Pain…emptiness and a sense of great loss. It is normal to experience these feelings of grief when we lose any family member, but it is especially hard to cope with the death of a baby.
The anguish and sorrow that we experience are normal reactions. These feelings cannot be diminished, but we can learn how to cope with them more effectively by understanding the usual pattern of grief and by learning from others who have walked this pathway before us.
Together Learning to Cope Support Group is a group for parents who have lost a baby during pregnancy, at birth or shortly thereafter. The group meets on the second Sunday of January, March, June and November from 6:30-8 p.m. Meetings are held at MSJH in Conference Room K. Parents may choose to attend one meeting or more, with or without their partner. Facilitators start the group discussion. It is available to parents no matter where they are in their grief and no matter how long it has been since their loss.
Memorial Services are held the second Tuesday of May and October each year. The service is held in the Hospital’s Chapel at 7 p.m., followed by a Walk to Remember and reception.
Join our Facebook group, Ministry’s Together Learning to Cope (TLC), to connect with others and get support through this time of grief.
Comments from others who have walked this pathway before us…

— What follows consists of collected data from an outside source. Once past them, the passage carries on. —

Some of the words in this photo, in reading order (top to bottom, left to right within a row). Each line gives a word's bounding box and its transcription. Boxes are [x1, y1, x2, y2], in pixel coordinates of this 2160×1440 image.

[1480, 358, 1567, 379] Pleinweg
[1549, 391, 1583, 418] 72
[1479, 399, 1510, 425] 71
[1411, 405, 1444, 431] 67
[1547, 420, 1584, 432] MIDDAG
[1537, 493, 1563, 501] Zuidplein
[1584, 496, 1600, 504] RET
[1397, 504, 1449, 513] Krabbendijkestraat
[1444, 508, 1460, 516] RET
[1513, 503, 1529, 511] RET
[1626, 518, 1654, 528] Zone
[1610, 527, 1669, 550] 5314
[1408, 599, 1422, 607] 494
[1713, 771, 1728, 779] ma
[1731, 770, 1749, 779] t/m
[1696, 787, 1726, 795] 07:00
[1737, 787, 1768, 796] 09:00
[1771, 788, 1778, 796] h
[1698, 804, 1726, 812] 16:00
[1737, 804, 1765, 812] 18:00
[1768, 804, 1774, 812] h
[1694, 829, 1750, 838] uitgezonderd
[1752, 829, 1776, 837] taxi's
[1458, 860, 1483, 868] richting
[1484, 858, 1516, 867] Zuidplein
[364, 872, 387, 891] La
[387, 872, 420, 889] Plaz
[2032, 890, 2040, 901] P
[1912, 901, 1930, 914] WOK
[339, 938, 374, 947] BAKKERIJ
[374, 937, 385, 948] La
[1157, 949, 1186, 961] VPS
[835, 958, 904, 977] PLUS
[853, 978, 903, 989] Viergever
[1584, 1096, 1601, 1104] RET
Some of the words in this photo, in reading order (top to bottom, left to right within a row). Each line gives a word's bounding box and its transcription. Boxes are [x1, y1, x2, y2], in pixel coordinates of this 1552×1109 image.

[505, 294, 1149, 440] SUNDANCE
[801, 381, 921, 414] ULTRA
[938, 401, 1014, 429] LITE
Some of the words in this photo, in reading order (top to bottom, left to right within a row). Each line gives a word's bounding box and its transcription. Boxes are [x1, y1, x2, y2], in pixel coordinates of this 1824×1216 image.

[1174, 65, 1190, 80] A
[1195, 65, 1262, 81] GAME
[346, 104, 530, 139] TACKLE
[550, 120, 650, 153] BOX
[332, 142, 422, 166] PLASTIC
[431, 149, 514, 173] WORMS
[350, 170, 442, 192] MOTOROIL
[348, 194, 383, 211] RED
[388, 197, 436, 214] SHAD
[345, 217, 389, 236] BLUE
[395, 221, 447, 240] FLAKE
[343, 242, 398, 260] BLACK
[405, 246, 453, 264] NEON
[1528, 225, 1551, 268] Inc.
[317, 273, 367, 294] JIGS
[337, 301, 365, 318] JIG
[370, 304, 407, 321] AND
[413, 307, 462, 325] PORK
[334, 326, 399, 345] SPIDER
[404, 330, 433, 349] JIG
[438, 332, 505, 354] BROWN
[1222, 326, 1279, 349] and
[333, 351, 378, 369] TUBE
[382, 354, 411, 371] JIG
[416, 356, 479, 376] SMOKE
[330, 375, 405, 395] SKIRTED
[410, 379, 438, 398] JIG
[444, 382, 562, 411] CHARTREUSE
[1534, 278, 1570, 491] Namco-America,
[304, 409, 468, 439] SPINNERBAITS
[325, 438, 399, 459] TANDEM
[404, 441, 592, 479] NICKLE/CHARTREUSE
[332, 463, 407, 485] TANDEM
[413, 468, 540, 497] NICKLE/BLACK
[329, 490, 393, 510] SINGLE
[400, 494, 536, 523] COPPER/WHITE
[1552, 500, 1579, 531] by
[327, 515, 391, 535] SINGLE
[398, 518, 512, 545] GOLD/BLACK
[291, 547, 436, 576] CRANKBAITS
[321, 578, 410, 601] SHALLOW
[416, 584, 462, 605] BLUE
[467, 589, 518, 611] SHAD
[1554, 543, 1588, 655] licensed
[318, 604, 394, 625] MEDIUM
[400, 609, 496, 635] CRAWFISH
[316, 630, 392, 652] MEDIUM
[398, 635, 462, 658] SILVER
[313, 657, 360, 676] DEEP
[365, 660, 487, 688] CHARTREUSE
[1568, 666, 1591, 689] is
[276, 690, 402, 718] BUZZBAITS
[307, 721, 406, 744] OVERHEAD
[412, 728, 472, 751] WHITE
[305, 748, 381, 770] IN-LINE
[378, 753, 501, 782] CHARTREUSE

“I knew of others who had miscarriages – but never knew how they felt, until now. Sometimes, even my husband thinks I should be better by now. People think it’s as if I didn’t lose a baby. So why does it hurt so much and why am I so sad?”
“As a father, I was hurting. I had to deal with funeral directors, doctors, and clergy and then be back on the job right away. I was too busy to confront the issue. Just because I wasn’t the one who was pregnant, doesn’t mean I didn’t love my baby. I had to cry even though it probably wasn’t the manly thing to do. I was sad too.”